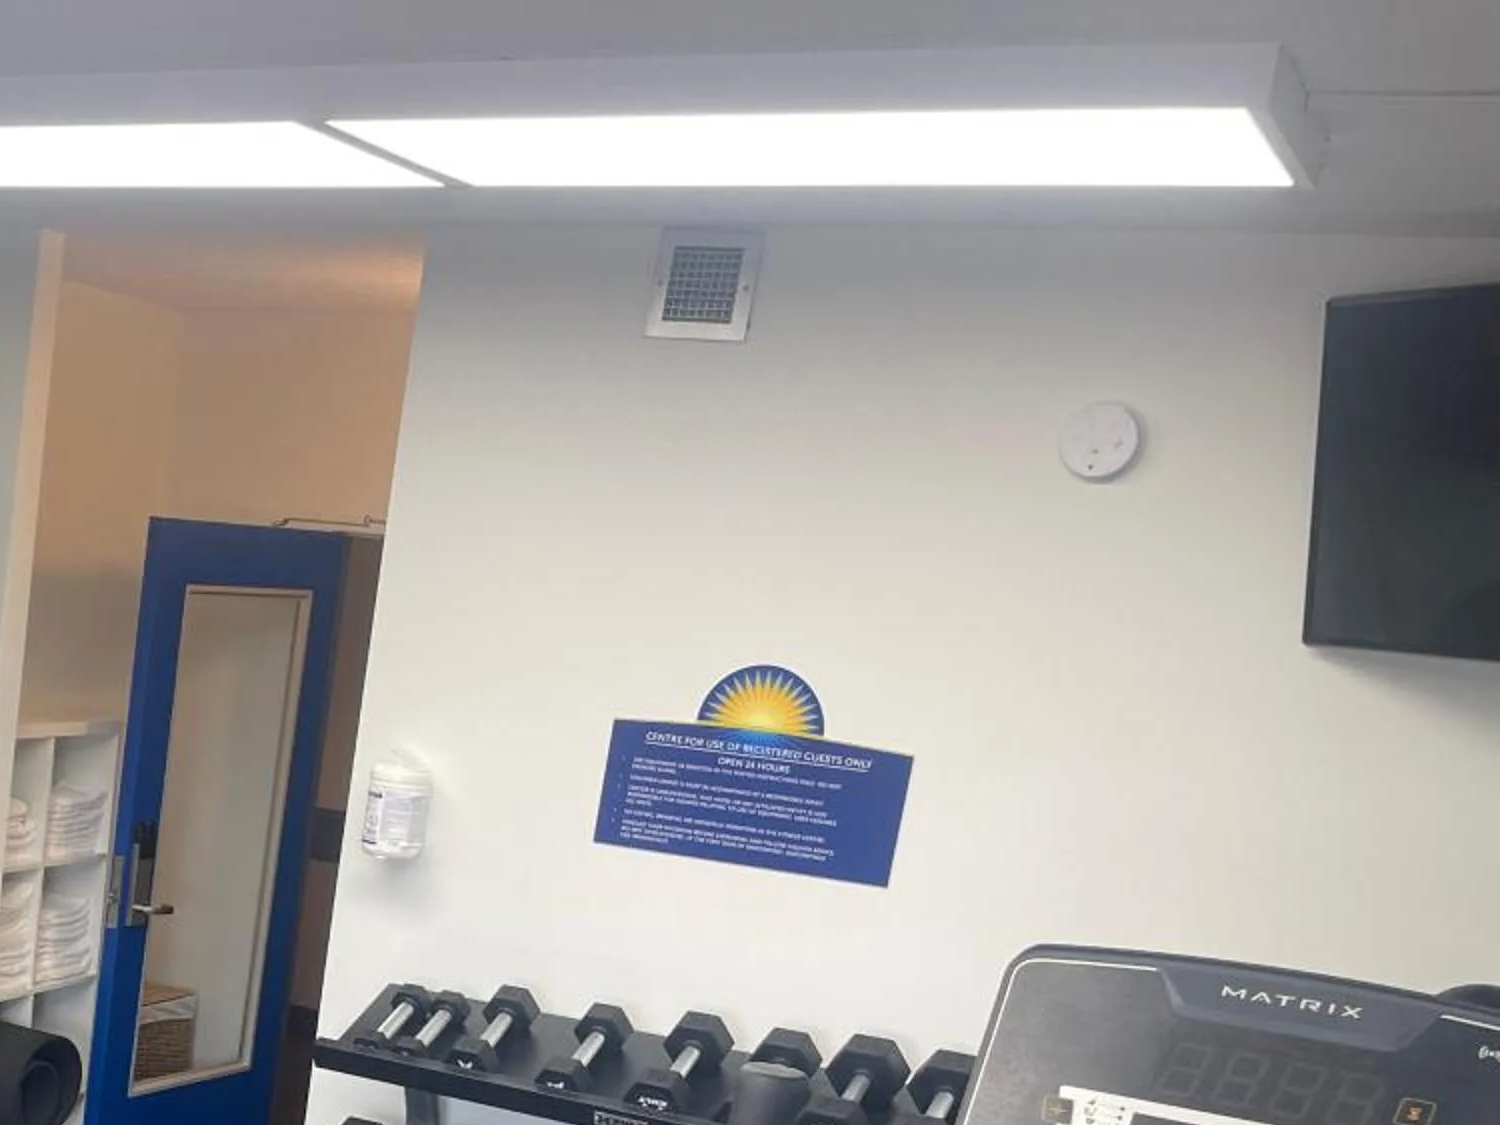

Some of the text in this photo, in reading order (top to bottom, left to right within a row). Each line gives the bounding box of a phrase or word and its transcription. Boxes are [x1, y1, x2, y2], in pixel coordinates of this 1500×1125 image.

[717, 756, 742, 768] OPEN
[757, 761, 790, 774] HOURS
[844, 756, 873, 769] ONLY
[1220, 985, 1364, 1019] MATRIX
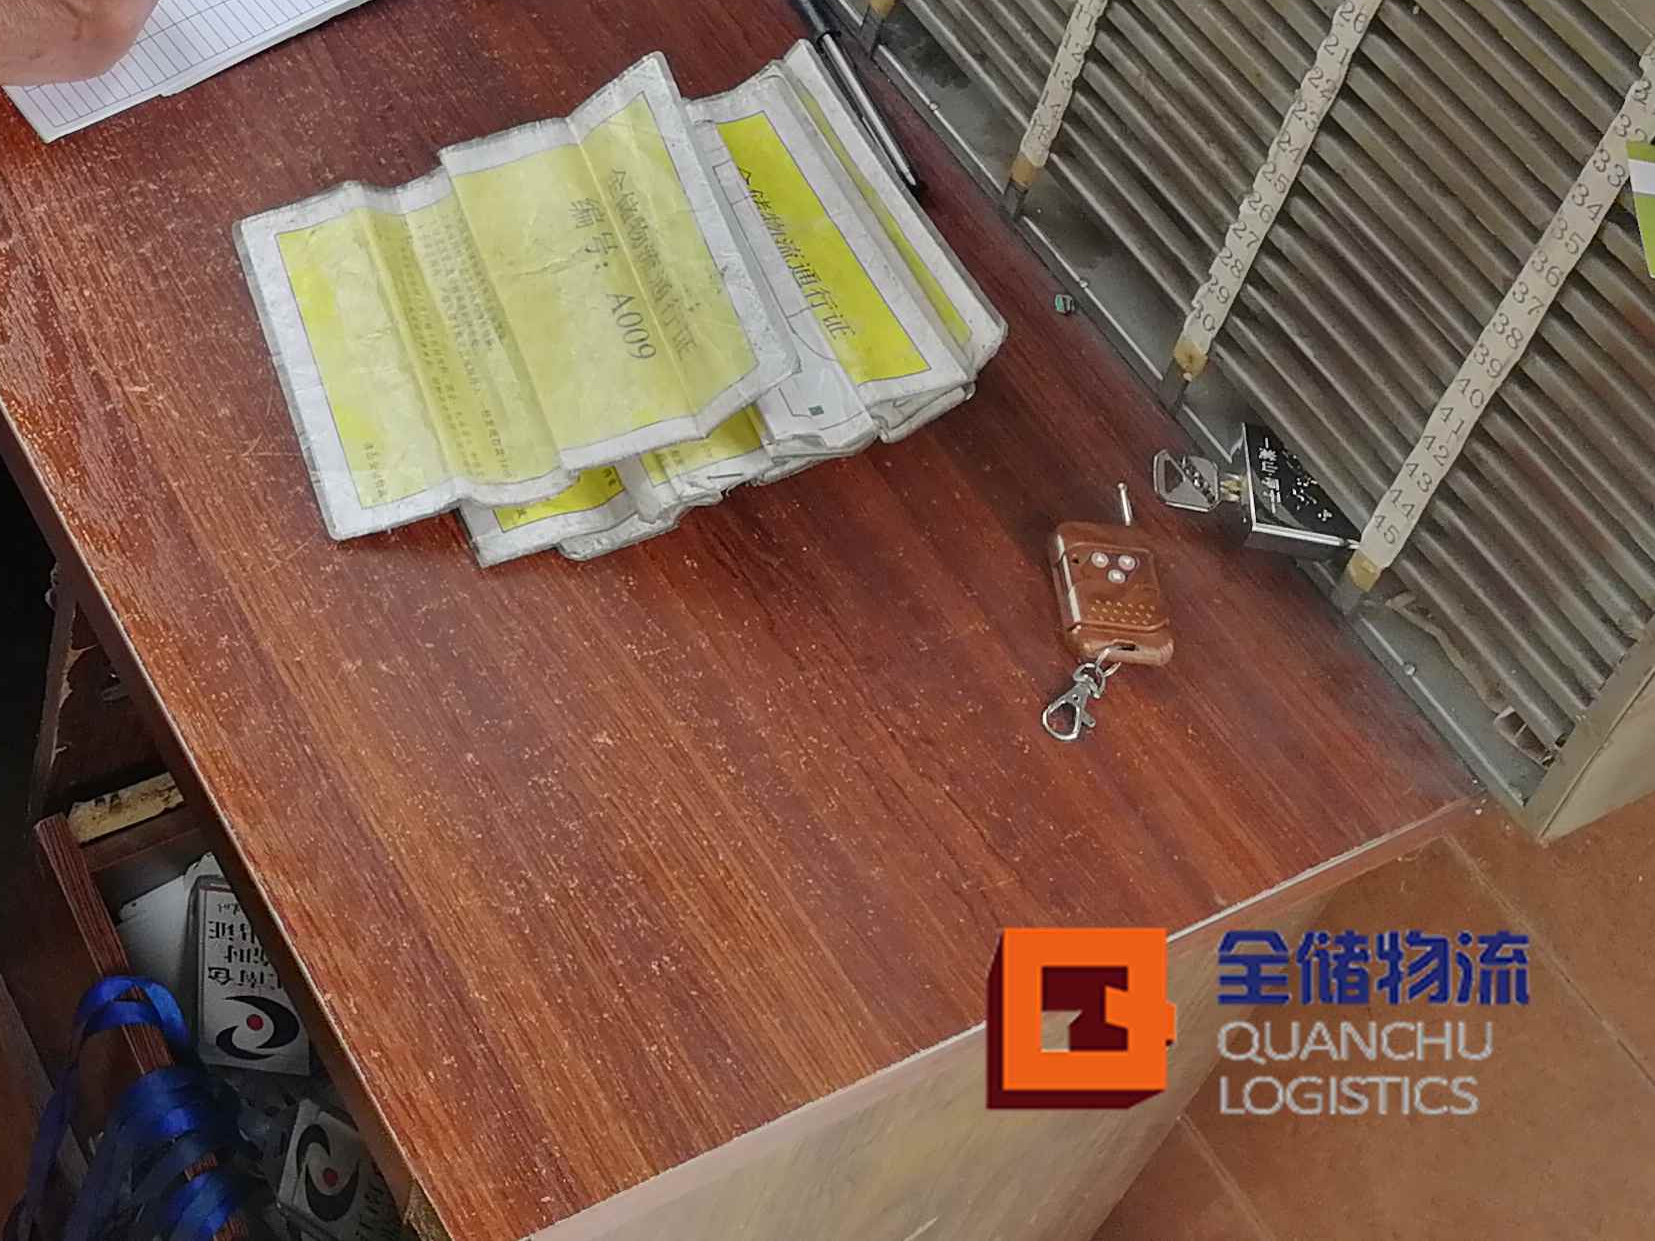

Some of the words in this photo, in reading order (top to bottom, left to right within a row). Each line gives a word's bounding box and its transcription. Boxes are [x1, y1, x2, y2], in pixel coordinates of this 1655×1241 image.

[1323, 35, 1352, 66] 21
[1308, 67, 1338, 102] 22
[1260, 162, 1290, 194] 25
[1593, 147, 1627, 188] 33
[1246, 191, 1275, 224] 26
[1571, 183, 1604, 223] 34
[1231, 220, 1260, 250] 27
[1550, 216, 1587, 256] 35
[1219, 247, 1244, 279] 28
[1531, 249, 1565, 289] 36
[1512, 281, 1547, 316] 37
[604, 291, 657, 363] A009
[1494, 312, 1525, 351] 38
[1473, 342, 1508, 380] 39
[1455, 377, 1486, 410] 40
[1439, 406, 1466, 438] 41
[1423, 434, 1451, 467] 42
[1405, 461, 1433, 494] 43
[1389, 488, 1417, 521] 44
[1373, 513, 1401, 546] 45
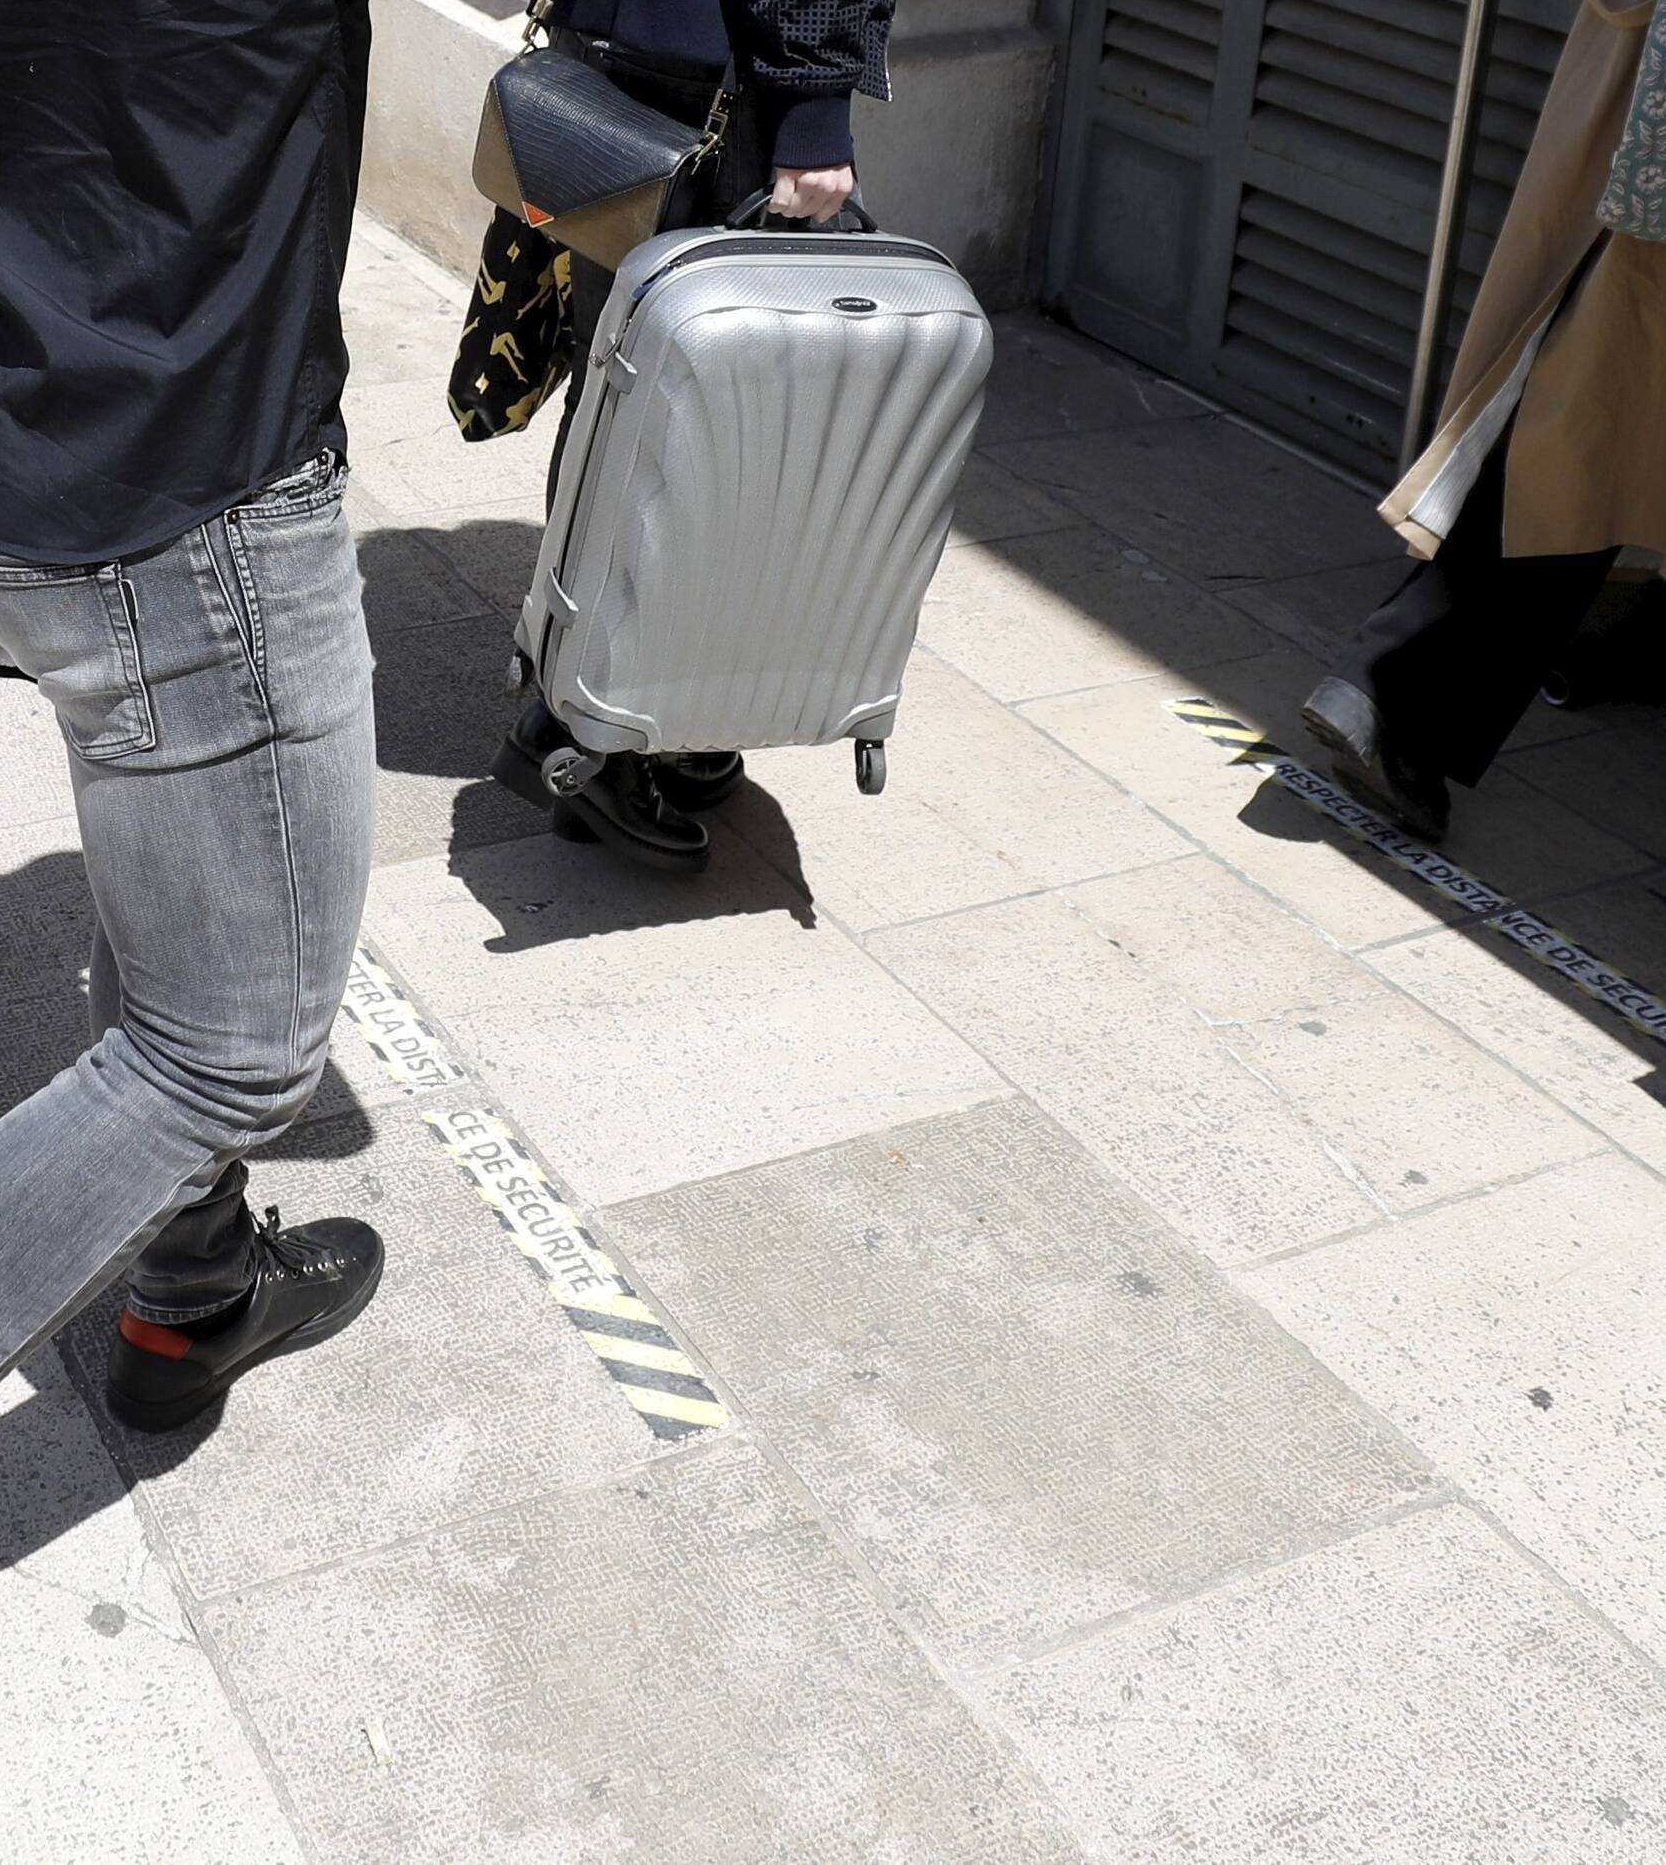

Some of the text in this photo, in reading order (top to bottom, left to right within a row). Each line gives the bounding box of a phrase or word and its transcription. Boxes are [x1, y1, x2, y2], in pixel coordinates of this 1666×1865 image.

[1277, 763, 1398, 842] RESPECTER
[1392, 843, 1430, 865] LA
[1547, 946, 1596, 974] DE
[369, 1008, 406, 1034] LA
[469, 1141, 514, 1175] DE
[495, 1176, 613, 1294] SÉCURITÉ
======
With the pictures left out, transcribe exactly the lines from the line holding "Some of the words" through the closing line of the entries.

> _SOLUTION_:
Some of the words in this photo, in reading order (top to bottom, left to right within a row). Each line gives a word's bounding box and its transcription. Boxes are [x1, y1, x2, y2], in pixel coordinates of this 1655×1241 image.

[1323, 35, 1352, 66] 21
[1308, 67, 1338, 102] 22
[1260, 162, 1290, 194] 25
[1593, 147, 1627, 188] 33
[1246, 191, 1275, 224] 26
[1571, 183, 1604, 223] 34
[1231, 220, 1260, 250] 27
[1550, 216, 1587, 256] 35
[1219, 247, 1244, 279] 28
[1531, 249, 1565, 289] 36
[1512, 281, 1547, 316] 37
[604, 291, 657, 363] A009
[1494, 312, 1525, 351] 38
[1473, 342, 1508, 380] 39
[1455, 377, 1486, 410] 40
[1439, 406, 1466, 438] 41
[1423, 434, 1451, 467] 42
[1405, 461, 1433, 494] 43
[1389, 488, 1417, 521] 44
[1373, 513, 1401, 546] 45

Some of the text in this photo, in reading order (top to bottom, left to right within a row). Each line gives the bounding box of a phrase or word and its transcription. Boxes are [x1, y1, x2, y2], in pixel coordinates of this 1666×1865 image.

[1277, 763, 1398, 842] RESPECTER
[1392, 843, 1430, 865] LA
[1547, 946, 1596, 974] DE
[369, 1008, 406, 1034] LA
[469, 1141, 514, 1175] DE
[495, 1176, 613, 1294] SÉCURITÉ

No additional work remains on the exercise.